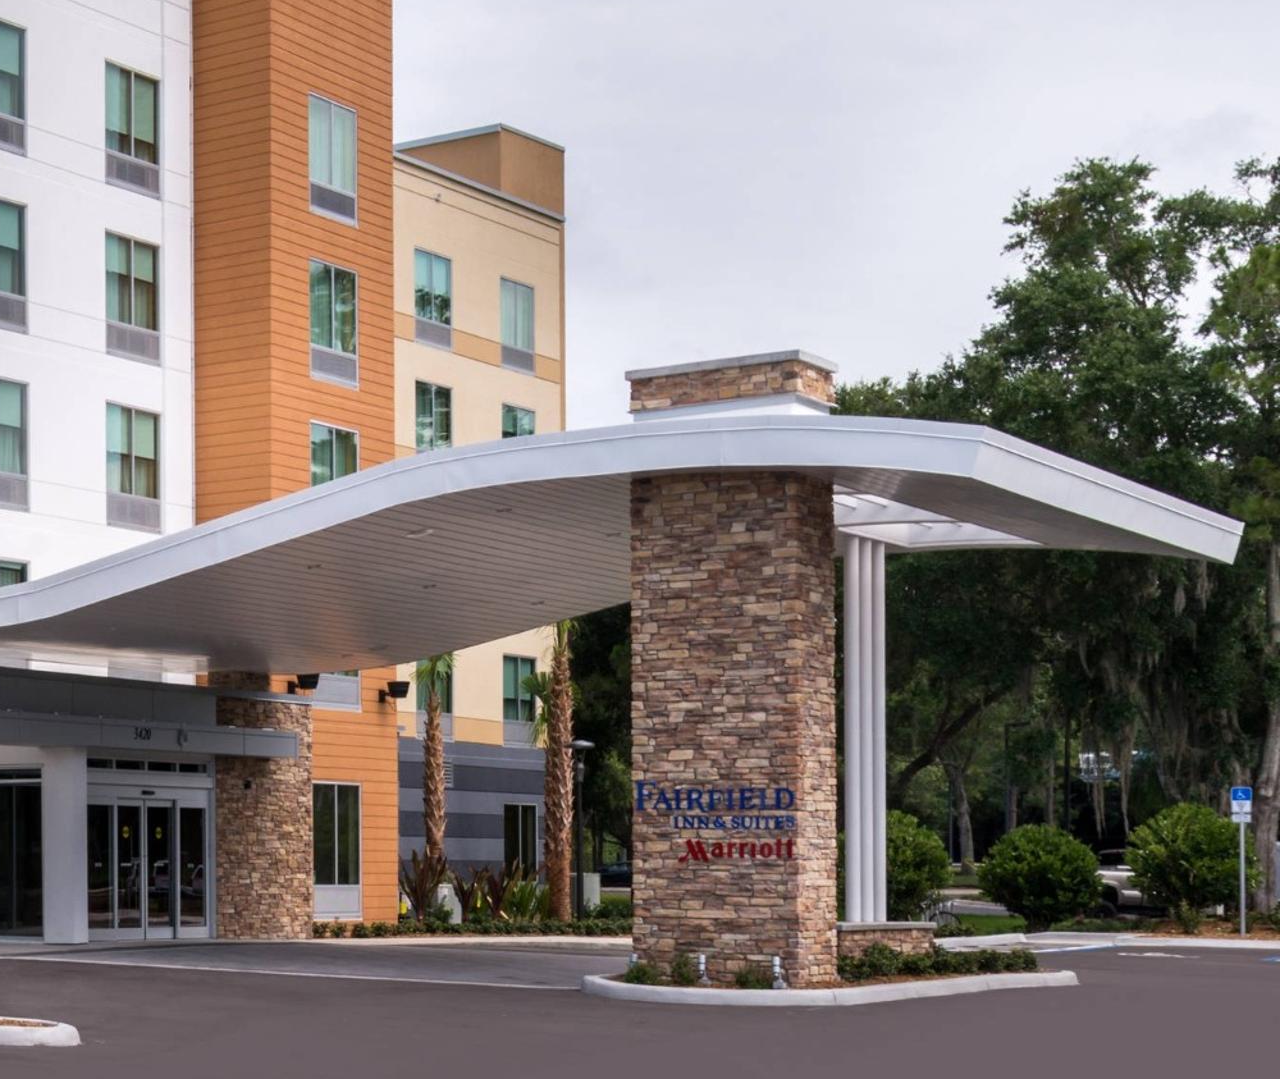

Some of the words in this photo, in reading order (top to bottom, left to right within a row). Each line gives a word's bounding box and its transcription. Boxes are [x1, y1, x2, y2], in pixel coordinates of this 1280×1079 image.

[635, 780, 795, 813] FAIRFIELD
[673, 815, 709, 830] INN
[713, 816, 727, 830] &
[731, 815, 796, 830] SUITES
[678, 838, 796, 863] Marriott

** EXERCISE **
With the pictures omitted, the material is to be transcribed exactly.

** COMPLETED TASK **
Some of the words in this photo, in reading order (top to bottom, left to right within a row). Each line gives a word's bounding box and its transcription. Boxes are [x1, y1, x2, y2], in pixel coordinates of this 1280×1079 image.

[635, 780, 795, 813] FAIRFIELD
[673, 815, 709, 830] INN
[713, 816, 727, 830] &
[731, 815, 796, 830] SUITES
[678, 838, 796, 863] Marriott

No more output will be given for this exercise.